• ASSIGNED TASK
The lines to return are the one containing "Some of the words" and all that follow it in the entries below, duplicated exactly and nothing else.

[[ DATA SUPPLIED open ]]

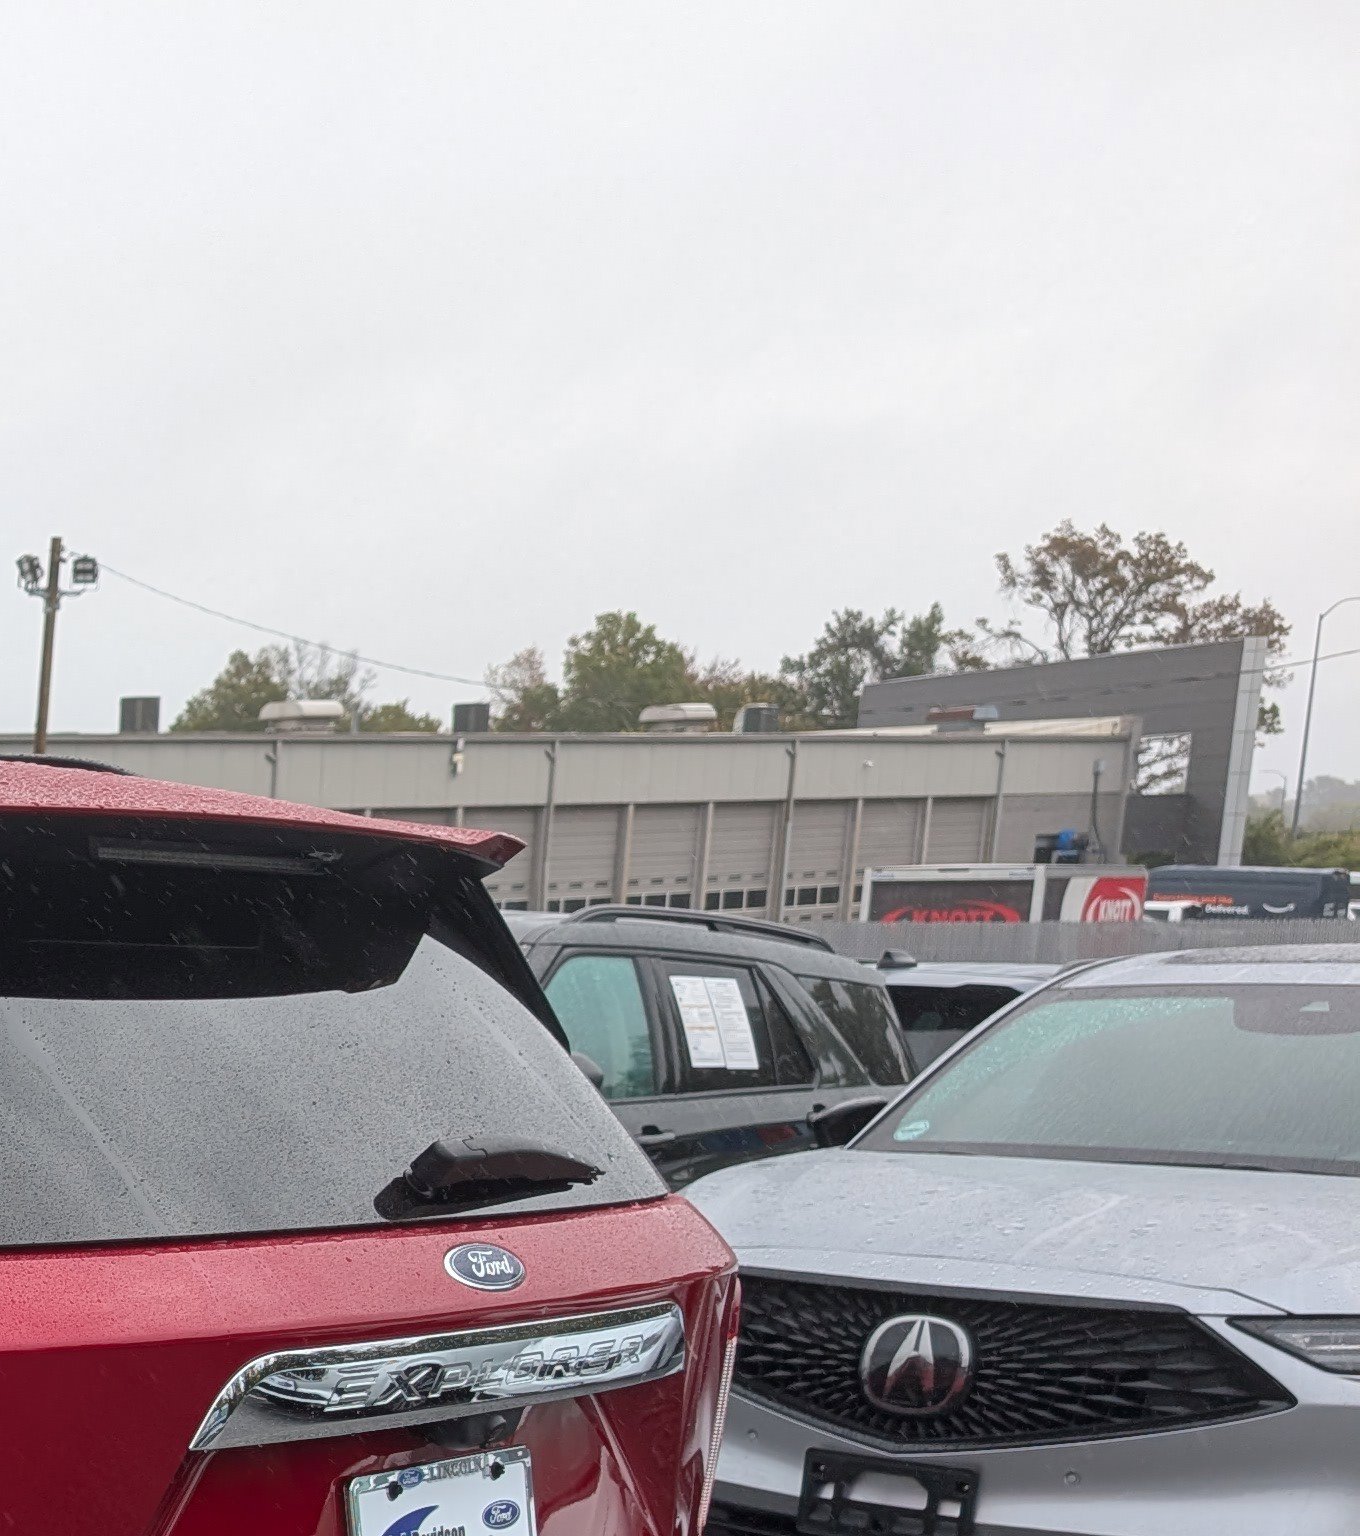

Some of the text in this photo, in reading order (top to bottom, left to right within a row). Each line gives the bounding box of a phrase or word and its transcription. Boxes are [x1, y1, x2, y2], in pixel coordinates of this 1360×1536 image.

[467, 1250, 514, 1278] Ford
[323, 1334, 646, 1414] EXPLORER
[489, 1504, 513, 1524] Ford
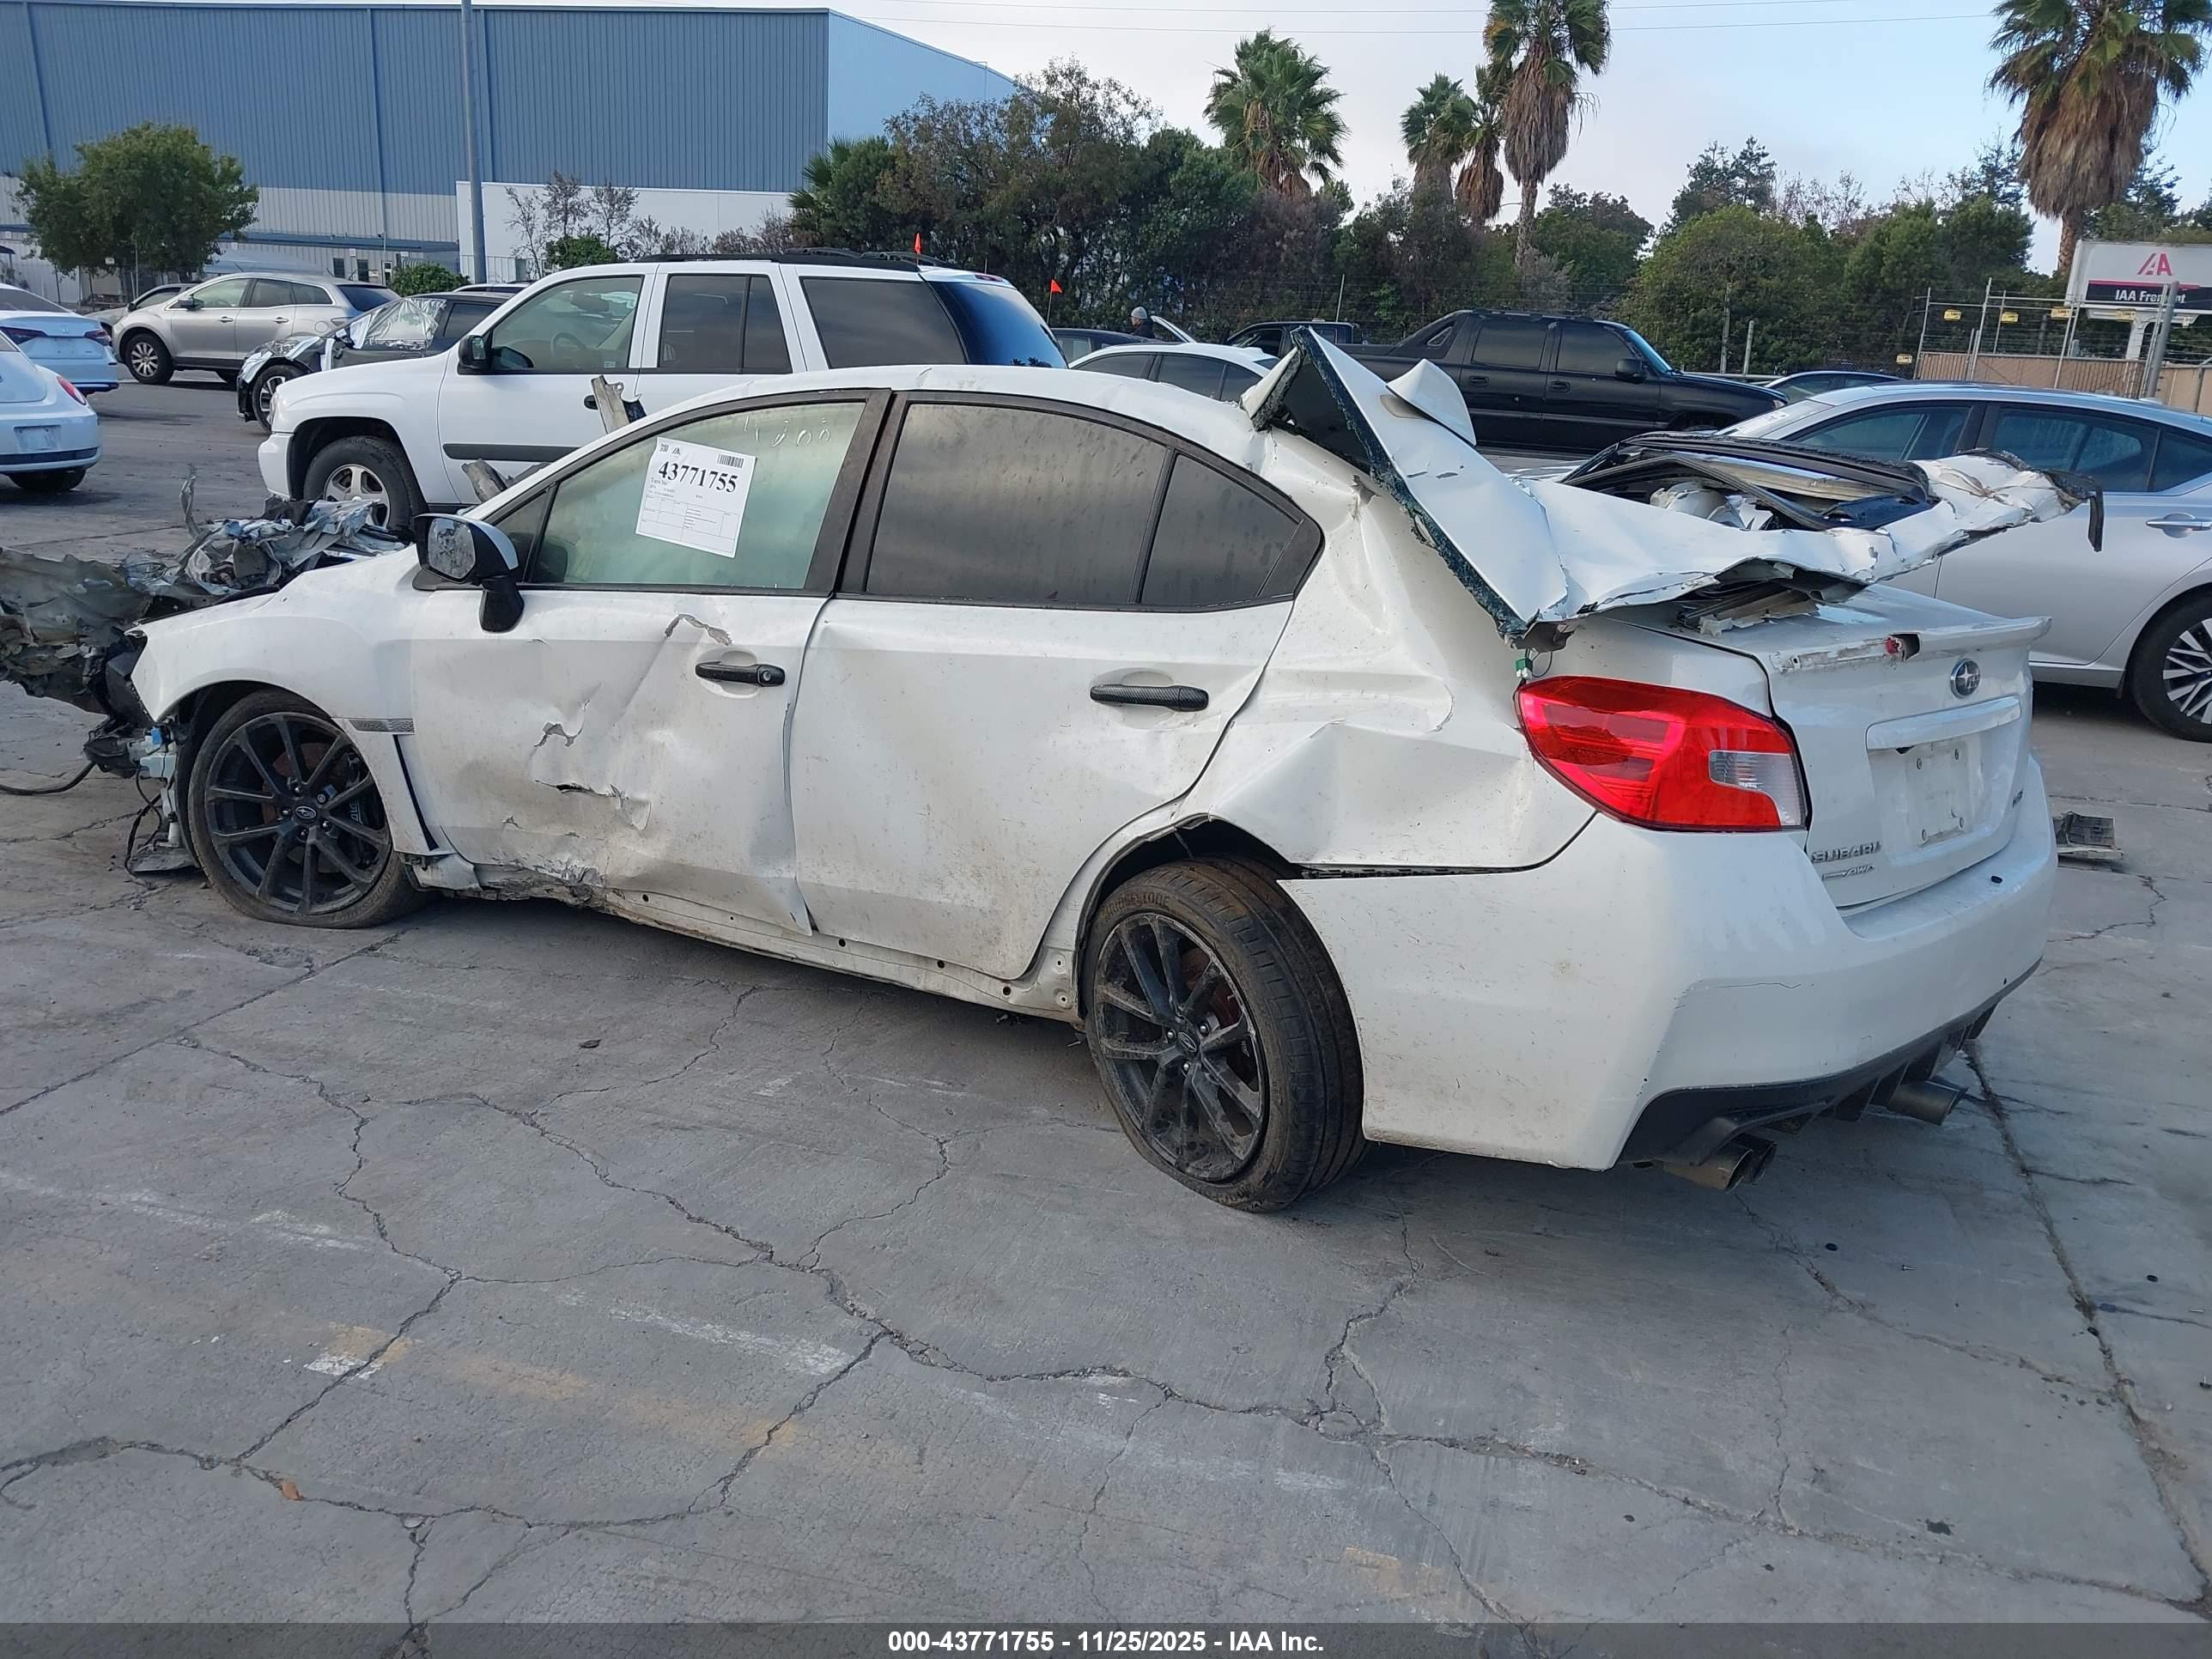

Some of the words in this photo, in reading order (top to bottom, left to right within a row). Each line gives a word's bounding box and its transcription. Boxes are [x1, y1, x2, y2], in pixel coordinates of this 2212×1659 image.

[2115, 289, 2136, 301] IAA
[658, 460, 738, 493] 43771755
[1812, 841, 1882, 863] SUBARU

[[ DATA SUPPLIED closed ]]

• EXERCISE ANSWER
Some of the words in this photo, in reading order (top to bottom, left to right within a row). Each line gives a word's bounding box and its transcription. Boxes are [x1, y1, x2, y2], in pixel coordinates of this 2212×1659 image.

[2115, 289, 2136, 301] IAA
[658, 460, 738, 493] 43771755
[1812, 841, 1882, 863] SUBARU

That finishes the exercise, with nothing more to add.